A Maria do Mar entrava dentro do ovo onde caberiam mais dez pessoas, descalça e vestida de branco, para que a sua figura se visse o menos possível atrás da gaze. E as mãos e os pés nus e o rosto descoberto também eram pintados de branco, pela mesma razão. O sítio por onde entrava era selado e o Artur B., fora do campo de visão da câmara, segurava o suporte do rolo de gaze que a Francisca teria de desenrolar.

Começávamos ao som do Improviso de Schubert em Sol bemol Maior, tocado ao piano pelo Dinu Lipatti.

A Maria, com as duas lâminas nas mãos, o corpo rígido, os braços levantados e com movimentos espasmódicos, difíceis - dir-se-ia, involuntários, como se as mãos não lhe pertencessem, ou já não soubesse utilizá-las -, ia rasgando a gaze, abrindo um sulco irregular e tortuoso, um sulco que era quase imediatamente coberto pela Francisca e pelo Artur que caminhavam atrás, com o rolo de gaze - mas esta segunda operação não se via.

Dávamos muitas voltas ao mesmo ovo sempre selado, sempre branco, sempre encerrado.

O ovo ficava sempre igual a si mesmo, intacto e indiferente.

Só no fim da música teríamos uma imagem inteira dele - enorme, imóvel, inanimado, silencioso.

Porque é que eram tão estranhos aqueles movimentos das mãos de Maria Mar, segurando nas lâminas, rasgando a gaze?

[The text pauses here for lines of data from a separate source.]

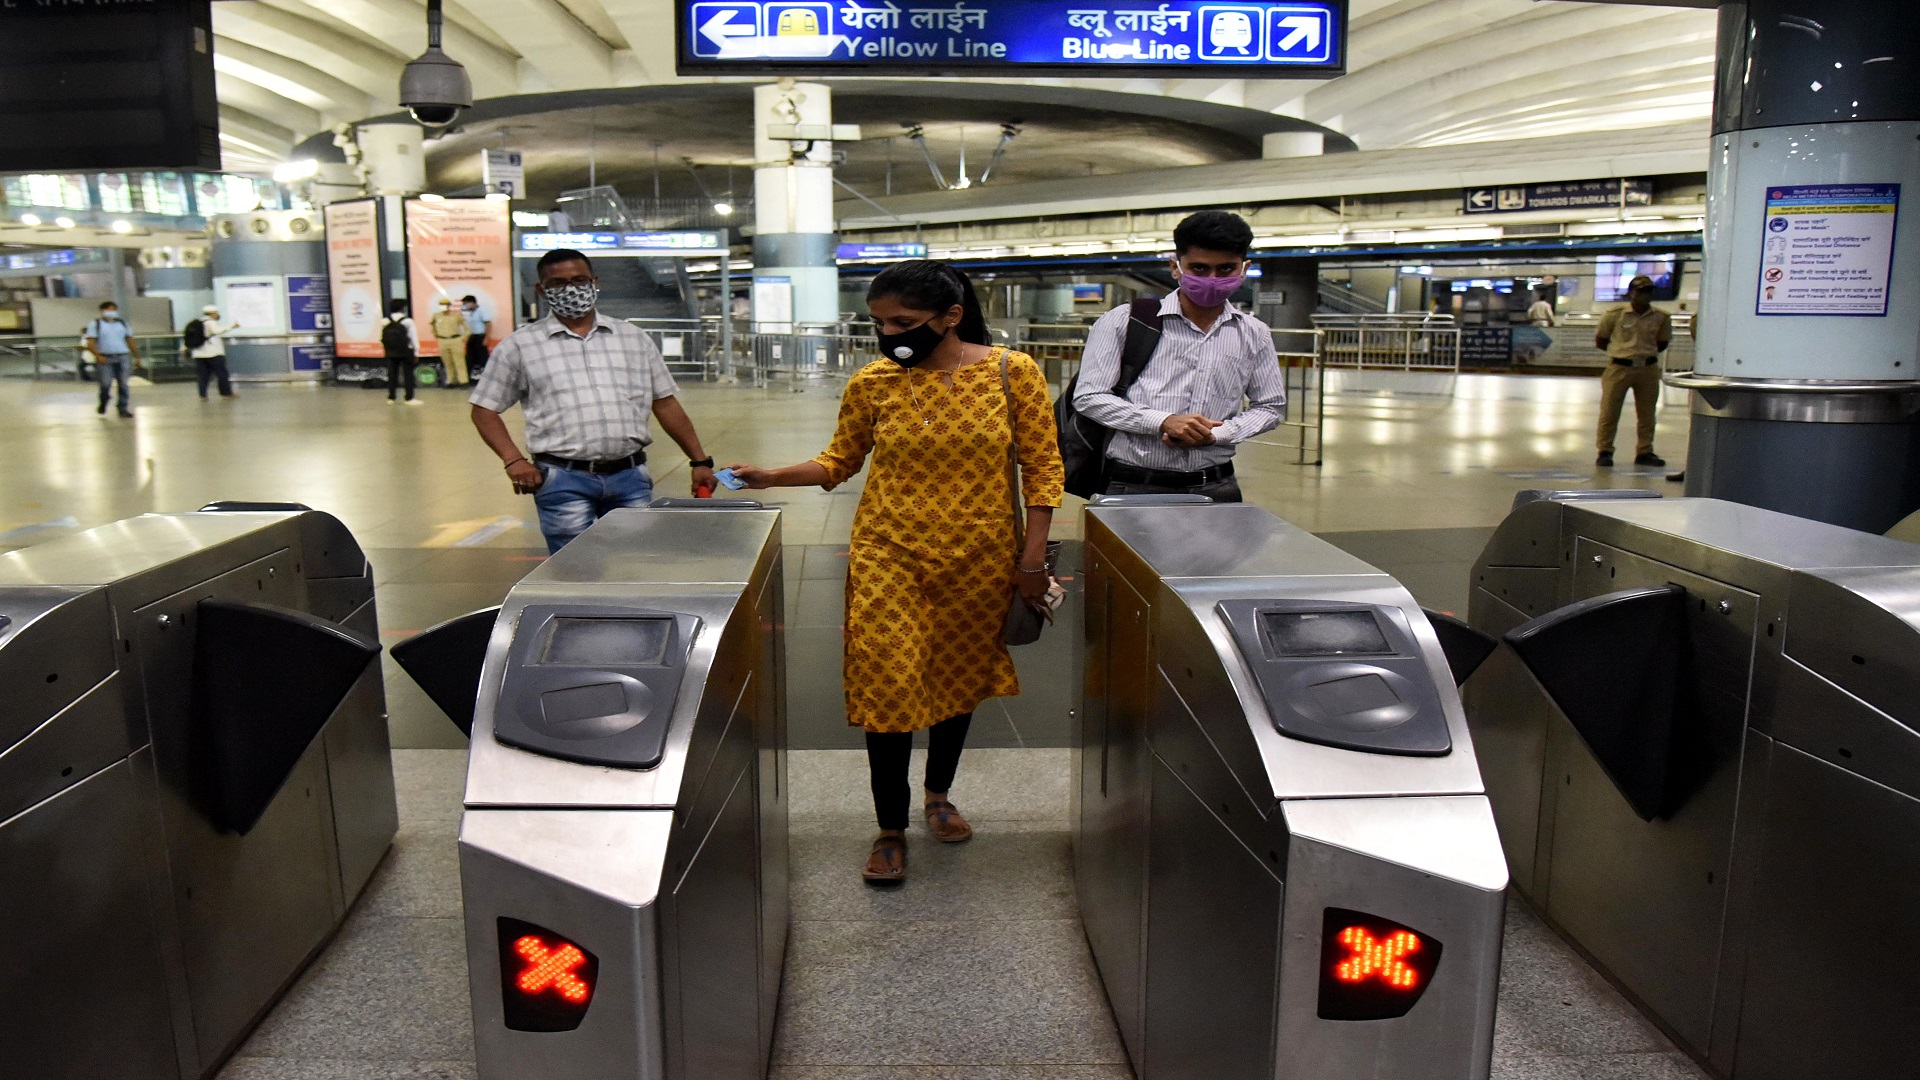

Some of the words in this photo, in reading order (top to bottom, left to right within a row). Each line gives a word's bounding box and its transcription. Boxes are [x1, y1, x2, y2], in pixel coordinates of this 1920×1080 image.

[840, 0, 902, 29] येलो
[909, 2, 988, 33] लाईन
[1067, 10, 1113, 37] ब्लू
[1113, 4, 1191, 36] लाईन
[844, 37, 938, 57] Yellow
[948, 38, 1007, 57] Line
[1063, 38, 1124, 59] Blue
[1132, 38, 1191, 60] Line

Era como se ela nunca tivesse tido mãos, como se as usasse pela primeira vez. Sobressaía desse movimento uma pura mecânica não-humana do corpo, afim desse desencontro de movimentos que encontramos nos corpos das crianças muito pequenas, quando querem usar os braços e as pernas e os agitam derrubando as coisas em vez de as agarrar. E era como se uma intensidade desproporcionada corresse naquele movimento, que o fazia vacilar e tremer por todos os lados. A todo o momento tínhamos receio de uma desintegração, de uma queda, ou de um esboroamento, o que chegou a acontecer, de facto, quando a Maria do Mar caía, ou a Francisca caía, ou eu caía.

De resto havia qualquer coisa na crispação dos movimentos da Maria ou naquela repetição, não sei precisamente, talvez na circularidade implacável do nosso trajecto, que me deixava em lágrimas. Em cem tentativas, é possível que tenhamos salvado vinte. Dessas, se conseguimos escolher uma, foi uma sorte. Mas é tão estranho que eu chorasse sempre, independentemente do juízo posterior da Maria do Mar. Nem sequer sei porque é que as lágrimas me caíam, se estava tão concentrado em conduzir a câmara. E nem pensava em mais nada senão nisso - acompanhar aquele movimento contínuo, sem paragens, o que era extremamente difícil. Conseguir não tropeçar nos pés.

Mas talvez fosse por outra coisa, talvez apenas por estarmos ali.

A maioria das tentativas eram interrompidas porque a Maria do Mar sentia que tinha perdido aquilo que ela chamava «a linha» e que eu entendia que fosse a velocidade e a tensão exactas da linha da melodia, que ela percorria no chão com os pés, que levavam o corpo. Por vezes a Maria do Mar perdia o «eixo», mas o eixo era uma coisa totalmente diferente, porventura uma força numa posição perpendicular ao plano da linha. A meu pedido, a Maria explicou-me um dia que o eixo era como uma espécie de cabo invisível que a deixava pendurada do alto, um ponto algures nas nuvens, nas estrelas, ou mesmo num coração invisível do universo, uma coisa fortíssima que a suspendia pelo peito e pela garganta, e que também doía. Porque a melodia estava no chão, enquanto aqueles acordes quebrados que tecem uma pulsação e um desespero interior ao canto, um movimento contínuo e uma agitação perpétua, na mão direita do pianista, esses acordes estavam nas duas lâminas que cortavam a gaze. Porque todo o corpo da Maria do Mar estava como que inanimado, rígido, por assim dizer, preso, e a melodia era um tapete voador ou talvez um vento em que os pés se montavam, era um vento que seguia rente ao solo e que arrastava tudo o resto, enquanto o desespero transbordava num outro patamar paradoxal, ao nível do coração nos nossos peitos, ao nível das lâminas cortando a gaze - entre a crispação e a leveza.